Isolation

Writing to HDFS from Samza

The samza-hdfs module implements a Samza Producer to write to HDFS. The current implementation includes a ready-to-use HdfsSystemProducer, and two HdfsWriters: One that writes messages of raw bytes to a SequenceFile of BytesWritable keys and values. The other writes UTF-8 Strings to a SequenceFile with LongWritable keys and Text values.
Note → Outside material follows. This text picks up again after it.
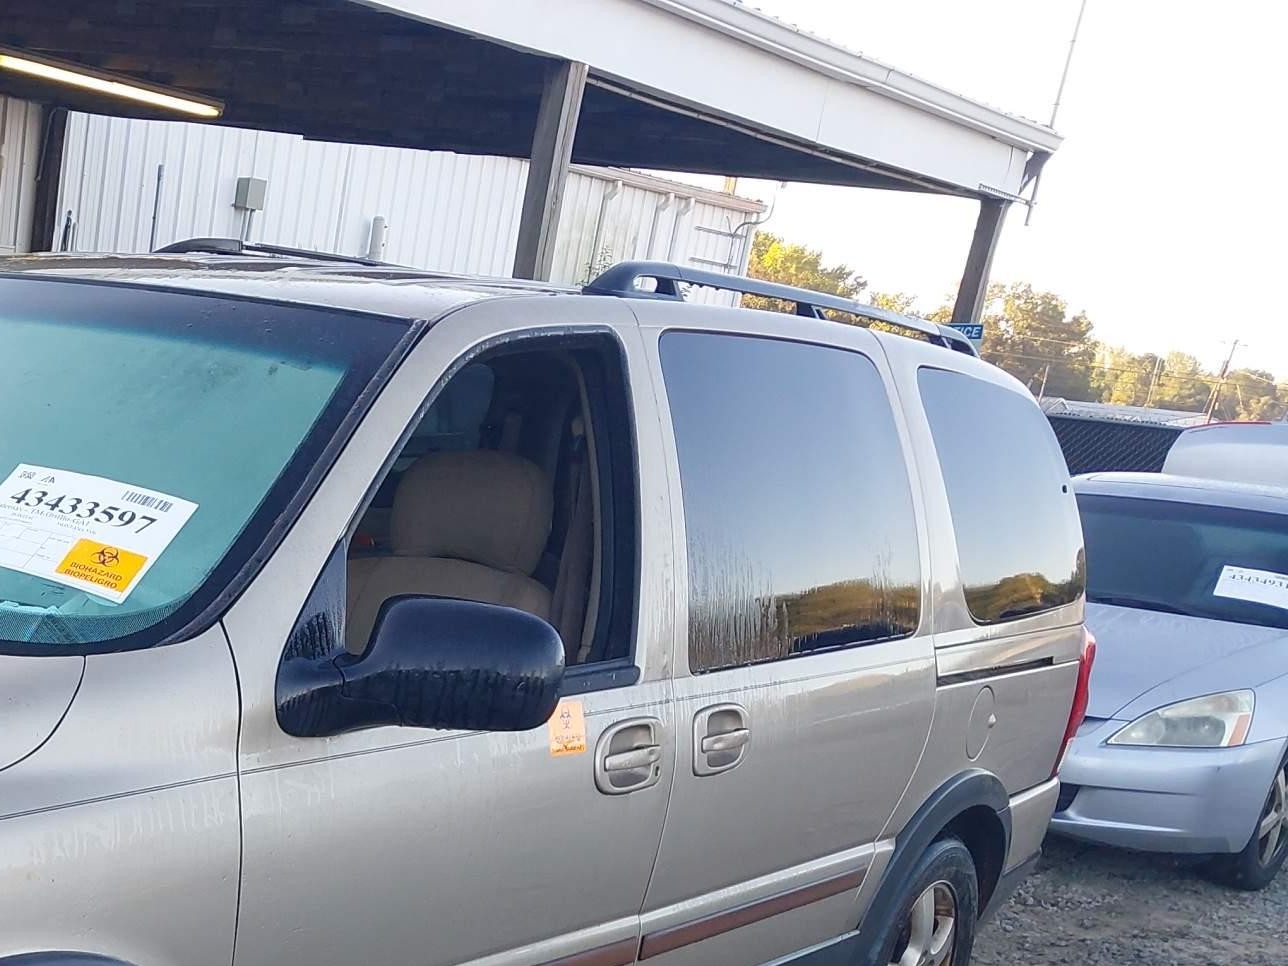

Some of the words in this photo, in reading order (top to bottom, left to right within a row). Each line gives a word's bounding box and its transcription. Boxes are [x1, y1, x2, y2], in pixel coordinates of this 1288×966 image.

Configuring an HdfsSystemProducer

You can configure an HdfsSystemProducer like any other Samza system: using configuration keys and values set in a job.properties file. You might configure the system producer for use by your StreamTasks like this:

# set the SystemFactory implementation to instantiate HdfsSystemProducer aliased to 'hdfs-clickstream'
systems.hdfs-clickstream.samza.factory=org.apache.samza.system.hdfs.HdfsSystemFactory

# define a serializer/deserializer for the hdfs-clickstream system
systems.hdfs-clickstream.samza.msg.serde=some-serde-impl

# consumer configs not needed for HDFS system, reader is not implemented yet 

# Assign a Metrics implementation via a label we defined earlier in the props file
systems.hdfs-clickstream.streams.metrics.samza.msg.serde=some-metrics-impl

# Assign the implementation class for this system's HdfsWriter
systems.hdfs-clickstream.producer.hdfs.writer.class=org.apache.samza.system.hdfs.writer.TextSequenceFileHdfsWriter

# Set HDFS SequenceFile compression type. Only BLOCK compression is supported currently
systems.hdfs-clickstream.producer.hdfs.compression.type=snappy

# The base dir for HDFS output. The default Bucketer for SequenceFile HdfsWriters
# is currently /BASE/JOB_NAME/DATE_PATH/FILES, where BASE is set below
systems.hdfs-clickstream.producer.hdfs.base.output.dir=/user/me/analytics/clickstream_data

# Assign the implementation class for the HdfsWriter's Bucketer
systems.hdfs-clickstream.producer.hdfs.bucketer.class=org.apache.samza.system.hdfs.writer.JobNameDateTimeBucketer

# Configure the DATE_PATH the Bucketer will set to bucket output files by day for this job run.
systems.hdfs-clickstream.producer.hdfs.bucketer.date.path.format=yyyy_MM_dd

# Optionally set the max output bytes per file. A new file will be cut and output
# continued on the next write call each time this many bytes are written.
systems.hdfs-clickstream.producer.hdfs.write.batch.size.bytes=134217728

The above configuration assumes a Metrics and Serde implemnetation has been properly configured against the some-serde-impl and some-metrics-impl labels somewhere else in the same job.properties file. Each of these properties has a reasonable default, so you can leave out the ones you don’t need to customize for your job run.